Examples of things that might influence how well an experiment replicates on different days might include environmental effects such as ambient temperature, the experimenters mood (and subsequently how careful they were) or how many interruptions they had and when they were.

Biological replicates

Next up is biological replication which aims to show that the experimental observation is generalisable to more than a specific tissue sample or cell line.  For this we need to show that the effect holds across multiple different samples.

The more different the samples are the stronger the case that can be made.  For example if an effect is shown to be consistent across a population of genetically identical mice this is not as strong as showing that the effect is the same in another different strain of mouse.  Even stronger would be using different rodents or even a completely different species altogether.

Experimenter replicates

Each experimenter introduces their own variation via differences in skill, patience and familiarity with a given assay.  Replication by multiple people shows that the result can be obtained by a different person using the same protocol, reagents and equipment as the original experiment.

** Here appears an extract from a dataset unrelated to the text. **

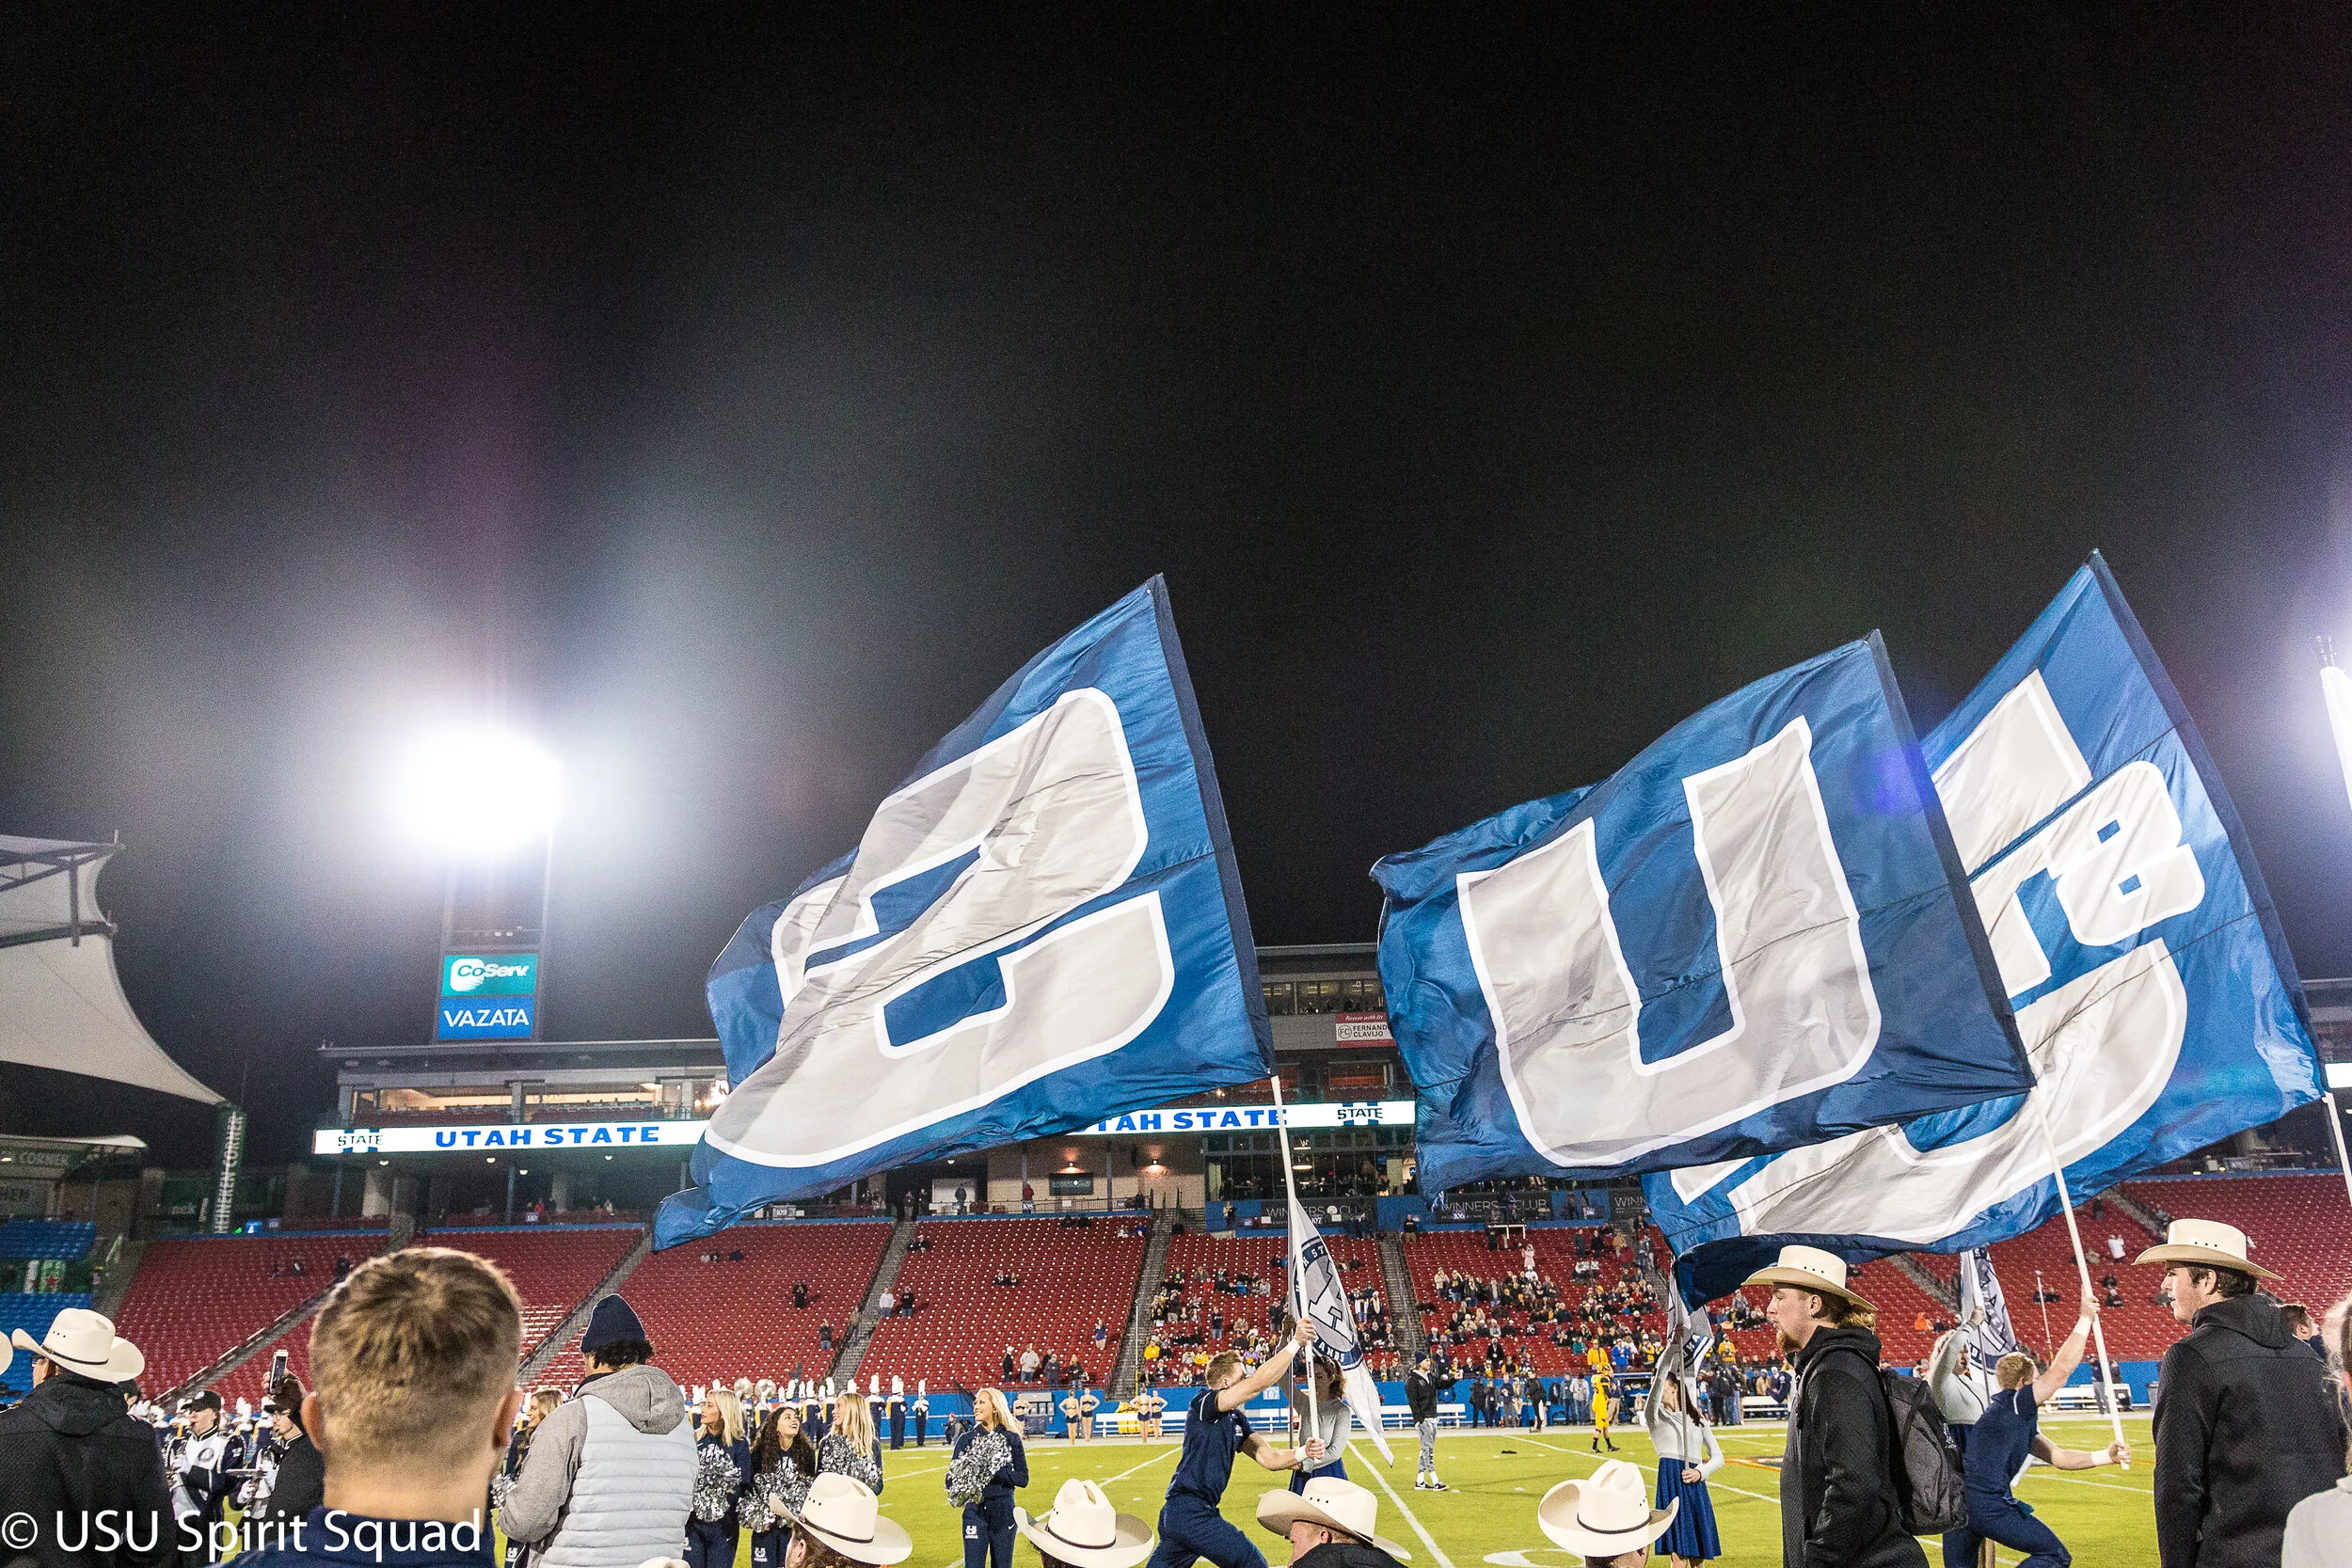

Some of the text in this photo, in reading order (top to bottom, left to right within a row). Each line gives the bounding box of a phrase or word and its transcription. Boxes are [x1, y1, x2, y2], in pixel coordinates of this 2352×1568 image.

For complicated or tricky experiments it is often common for a researcher to visit a lab which has the experiment working in order to learn first-hand the techniques used by the original experimenter to enable them to be able to reproduce an experiment on their own.

Method replicates

Finally, another approach to confirming your results is to use a different method entirely.  In most high impact papers it is often the case that an important observation may be shown in multiple different ways and in multiple model systems in order to demonstrate its robustness.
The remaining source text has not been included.